Reprise de “Tower Of Meaning” (A. Russel, 1983) en coll. avec Klarafestival
Arthur Russell (1951-1992)
Le violoncelliste, compositeur, producteur, chanteur et musicien américain Arthur Russell était un artiste pur-sang, sans patrie spirituelle. Il faisait de la pop, se frottait parfois au folk et à la country, flirtait avec la musique disco (le single “Is It All Over My Face” sous son alias Loose Joints faisait fureur dans les vogue balls de New York) et proposait ses expérimentations au violoncelle sur la scène d’avant-garde new-yorkaise des années 70-80. Il fréquentait le cercle d’Allen Ginsberg – qui qualifiait les compos de Russell de “musique chewing-gum bouddhiste” – et enregistra même une version alternative de “Psycho Killer” avec les Talking Heads, version qui circule toujours sur YouTube. Il ne sortit que deux albums studio durant sa vie trop brève : l’orchestral Tower Of Meaning en 1983 et le poignant World Of Echo en 1986, année où il fut diagnostiqué positif au VIH.
Après sa mort, on découvrit que ses archives débordaient de compositions inédites : il y avait grosso modo plus de 1 000 heures de musique. Son partenaire, Tom Lee, contacta Steve Knutson, patron du label Audika, pour lui donner accès aux centaines de cassettes, depuis léguées au New York Public Library. Son œuvre posthume – minutieusement classée par genre (“lovelorn folk”, “mutant disco”, “new wave of sweeping instruments”, etc.) – comprend une vingtaine (!) d’albums.
Et son héritage ne cesse de croître.

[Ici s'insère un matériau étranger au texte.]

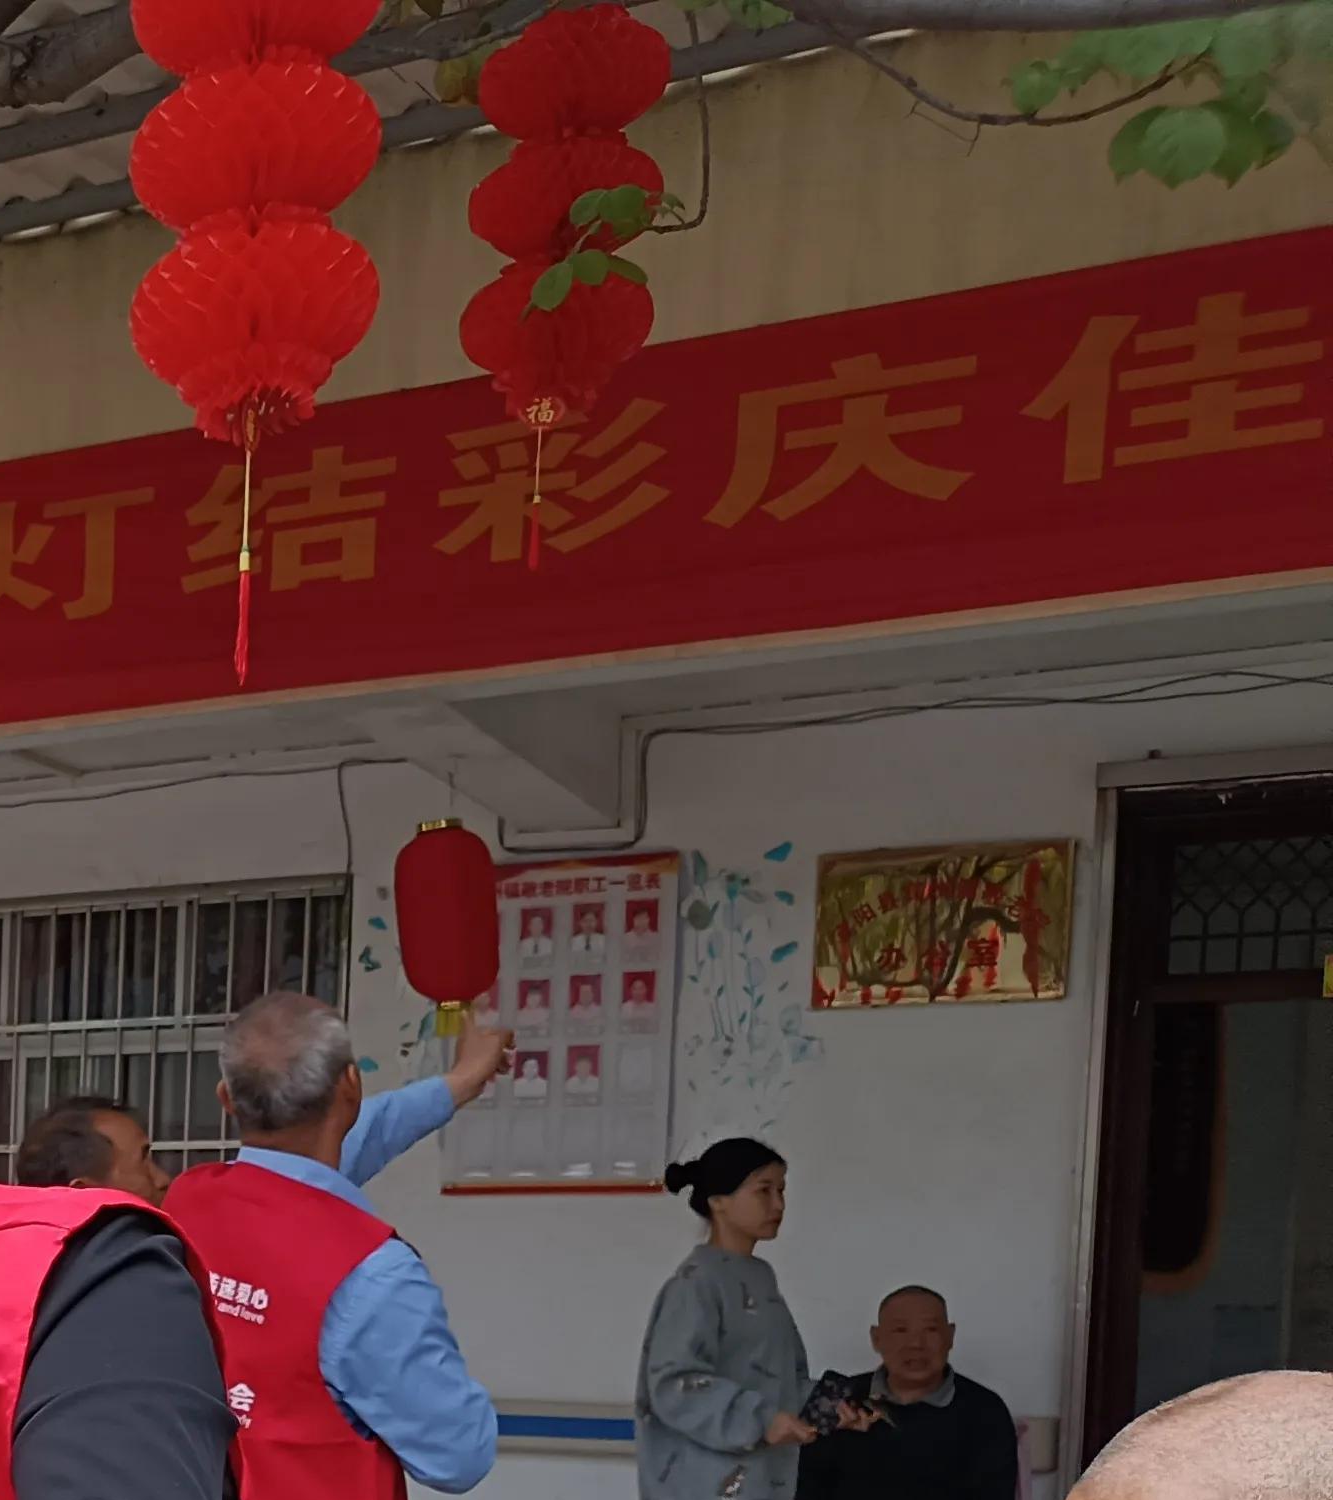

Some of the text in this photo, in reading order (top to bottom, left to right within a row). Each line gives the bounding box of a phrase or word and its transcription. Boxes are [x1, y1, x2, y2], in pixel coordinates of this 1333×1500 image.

[526, 397, 554, 424] 福
[217, 1302, 265, 1325] and love

Kanye West l’a samplé sur son chef-d’œuvre The Life of Pablo, Frank Ocean et David Byrne sont fans, Devendra Banhart et Dev Hynes (Blood Orange) le prennent pour un dieu, Sufjan Stevens et Robyn ont repris son travail, etc.
Arthur Russell : Tower Of Meaning (1983)
Tower Of Meaning devait servir de bande-son/B.O. à l’opéra Medea du célèbre metteur en scène Robert Wilson (cf. The Life and Death of Abramovic et Einstein on the Beach). Russell fut présenté à ce dernier par le compositeur minimaliste Philip Glass, mais la collaboration échoua suite à un désaccord entre Russel et Wilson. Glass conserva l’œuvre et la sortit sur son propre label, Chatham Square. Ainsi naquit le premier album de Russel, tiré à seulement 320 exemplaires.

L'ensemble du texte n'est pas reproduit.